The Biden administration continues to apply “Title 42,” a public health order that the Trump administration put into place at the outset of the COVID-19 pandemic in March 2020. As implemented, Title 42 allows Border Patrol to expel migrants it encounters back to their countries of origin—or, if they are Salvadoran, Guatemalan, or Honduran, back into Mexico. In most cases, expulsion occurs in as little as an hour or two. In nearly all cases, it occurs without migrants getting any chance to ask for asylum or other protection.

Over 85 percent of single adult migrants and about a third of migrants arriving as families with children are expelled.
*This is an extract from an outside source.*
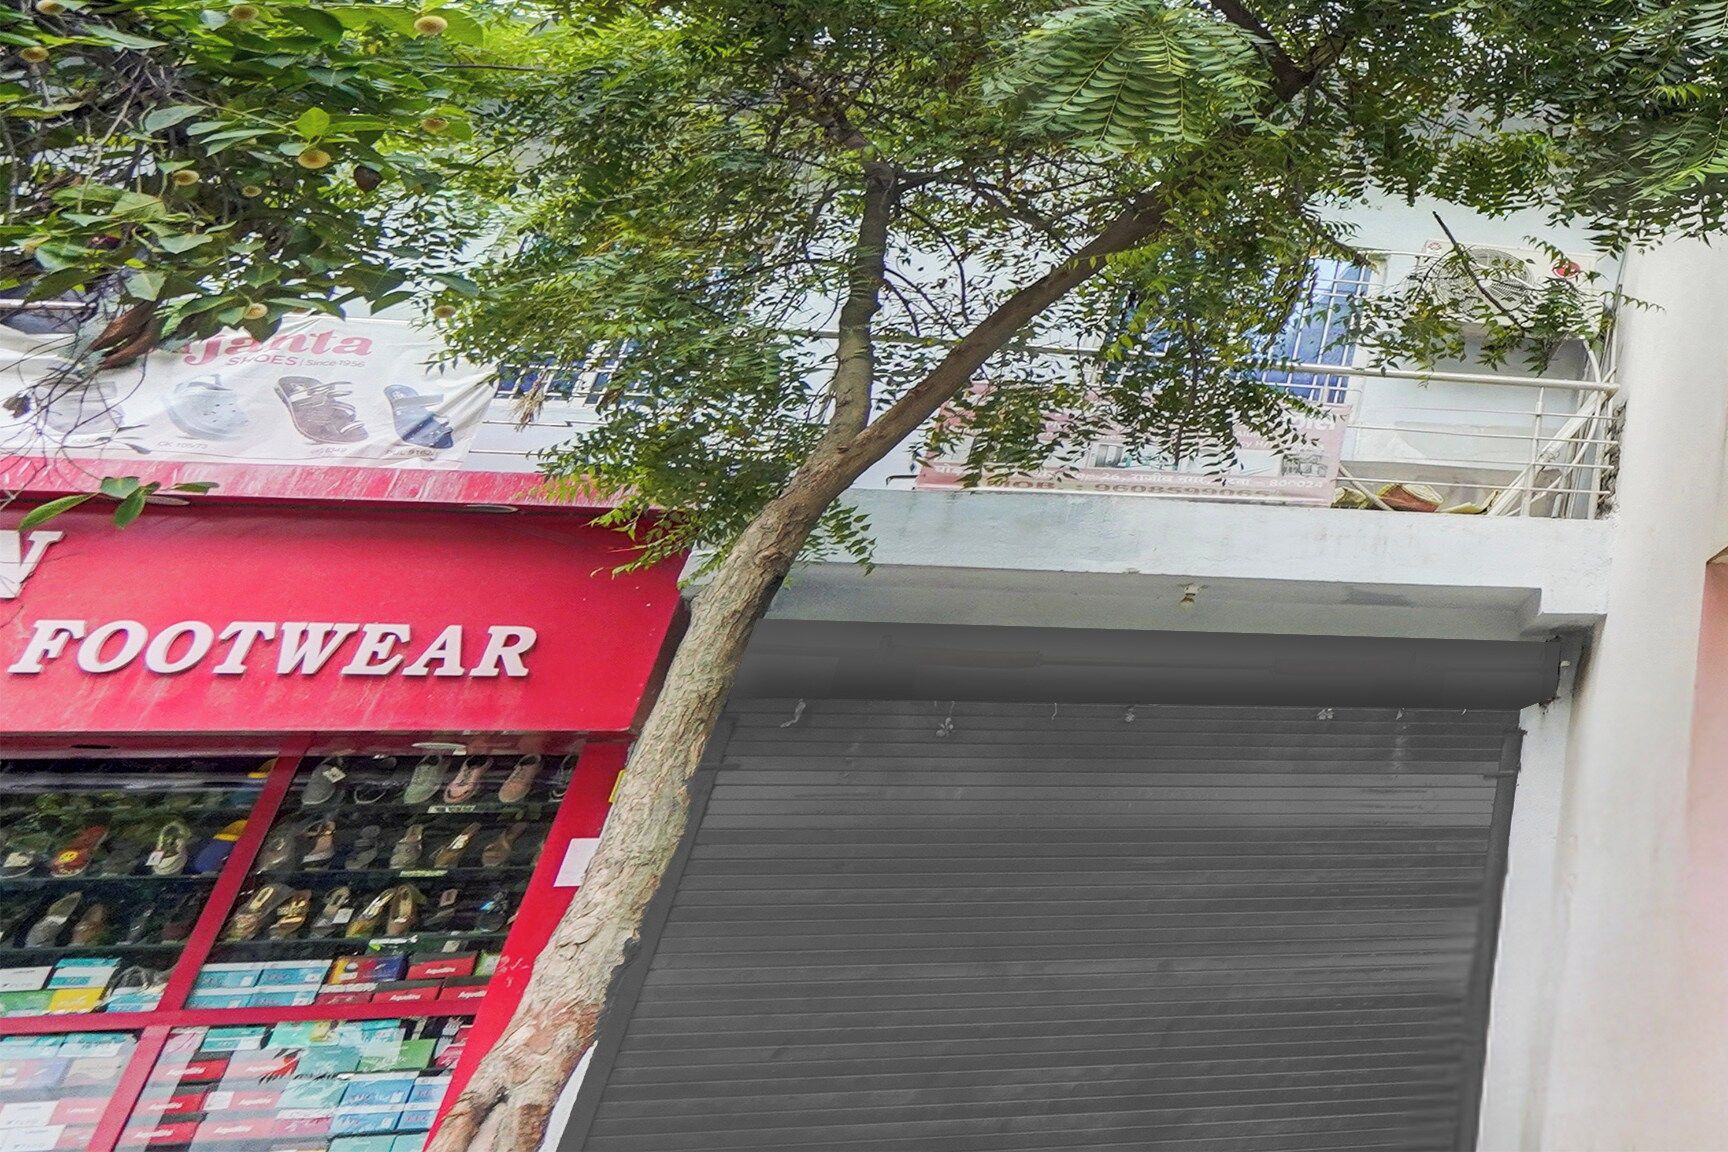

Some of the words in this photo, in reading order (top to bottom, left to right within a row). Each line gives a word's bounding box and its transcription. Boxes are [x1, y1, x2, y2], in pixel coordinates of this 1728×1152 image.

The Biden administration is not expelling children who arrive unaccompanied, unless they are from Mexico (and a court prohibited the Trump administration, too, from expelling children during its last two months). CBP is flying Central American families every day from south Texas—where Mexico has placed limits on expulsions—to El Paso and San Diego, then expelling them there.

“By sending asylum seekers back to danger without asylum assessments, the administration fails to protect refugees and blatantly violates U.S. refugee laws and treaties,” reads a report published on April 20 by Human Rights First, Al Otro Lado, and the Haitian Bridge Alliance. The product of a big team of researchers, the 33-page document offers an up-to-the-moment view of the suffering that the Biden administration’s application of Title 42 is causing. Failure to Protect is a very informative, but brutal, read.

Its most alarming topline finding: “Human Rights First has tracked at least 492 attacks and kidnappings suffered by asylum seekers turned away or stranded in Mexico since President Biden took office in January 2021.” The organizations count 17 countries, from Russia to Venezuela to Somalia, whose citizens have been expelled since Biden was sworn in. Since February 2021, 27 expulsion flights have sent 1,400 adults and children back to Haiti.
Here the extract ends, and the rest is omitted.